Potential Fuels
The battery has a very close relative, the fuel cell. Unlike the battery the fuel cell has a continuous supply of fuel.
Figure 11 This diagram shows how a hydrogen-oxygen fuel cell works. The chemical battery works in the same way, except that the chemicals are different and are not continuously supplied from outside the cell. The water produced by the H-O cell shown can be used for drinking on spaceships.
ANODE H₂ IN CATHODE O₂ IN ELECTRONS LOAD KOH ELECTROLYTE K⁺ ION OH⁻ ION NEGATIVE ION FLOW 40H⁻ + 2H₂ ⇒ 4H₂O + 4e O₂ + 2H₂O + 4e ⇒ 40H⁻
The hydrogen-oxygen cell of [Figure 11] is typical of all fuel cells. It essentially burns hydrogen and oxygen to form water. If the hydrogen and oxygen can be supplied continuously and the excess water drained off, we can greatly extend the life of the battery. The fuel cell accomplishes this. Fueled electrical cell would be more descriptive since the physical principles are identical with those of the battery.
Perhaps the most challenging task contemplated for the fuel cell is to bring about the consumption of raw or slightly processed coal, gas, and oil fuels with atmospheric oxygen. If fuel cells can be made to use these abundant fuels, then the high natural conversion efficiency of the fuel cells will make them economically superior to the lower efficiency steam-electric plants now in commercial service.
So far we have dwelt on the fuel cell as a cold energy conversion device that is not limited by the Carnot efficiency. A variation on this theme is possible. Take a hydrogen iodide (HI) cell, and heat the HI to 2000°K. Some of the HI molecules will collide at high velocities and dissociate into hydrogen and iodine: 2HI = H₂ + I₂; the higher the temperature, the more the dissociation.
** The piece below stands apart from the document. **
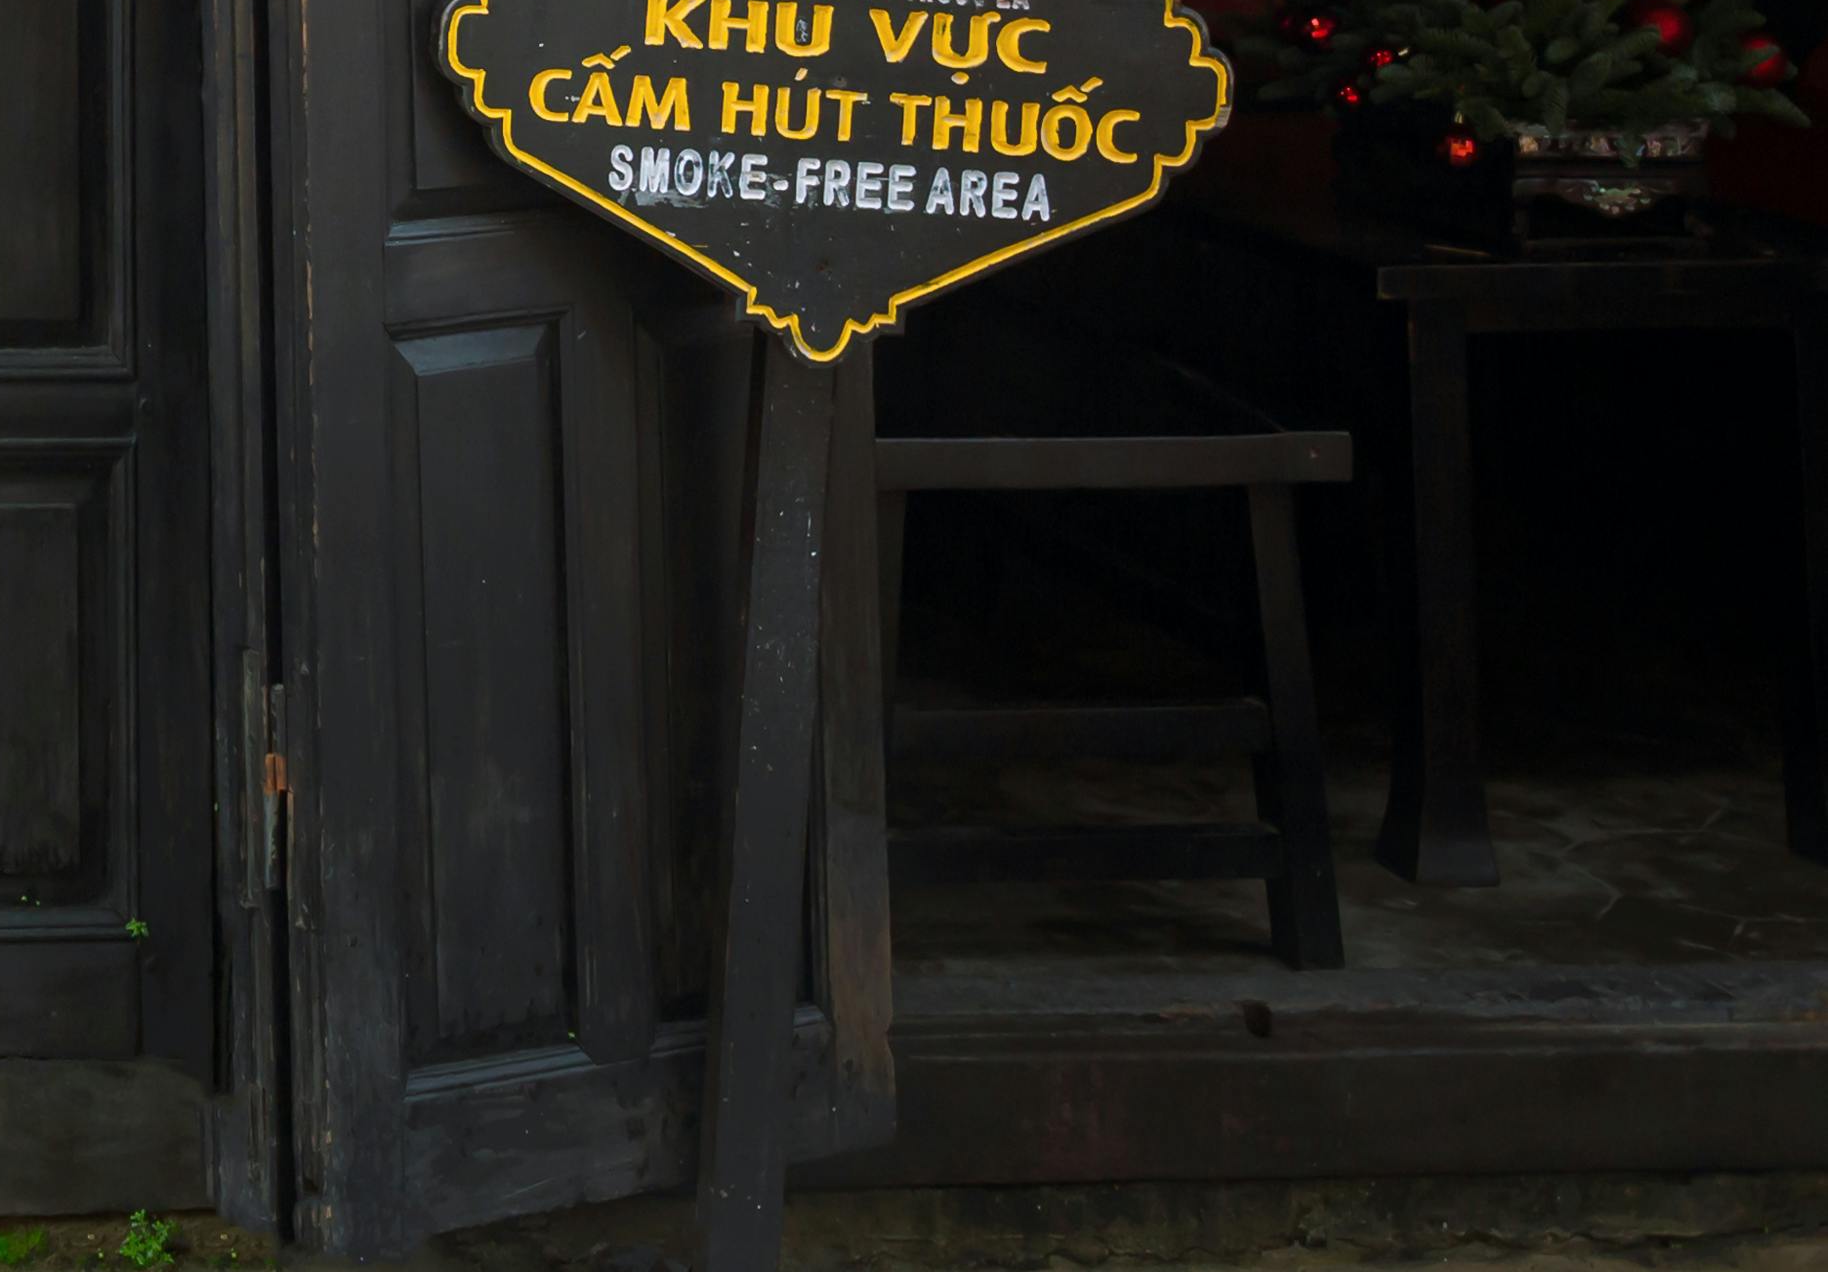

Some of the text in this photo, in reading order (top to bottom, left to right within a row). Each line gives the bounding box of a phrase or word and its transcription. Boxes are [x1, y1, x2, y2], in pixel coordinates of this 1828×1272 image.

[869, 10, 1051, 85] VỰC
[529, 44, 1141, 164] CẤM HÚT THUỐC
[608, 143, 1051, 223] SMOKE-FREE AREA
By separating the hydrogen and iodine gases and returning them for recycling to the fuel cell where they are recombined, we have eliminated the fuel supply problem and created a regenerative fuel cell. We have, however, also reintroduced the heat engine and the Carnot cycle efficiency. The thermally regenerative fuel cell is a true heat engine using a dissociating gas as the working fluid.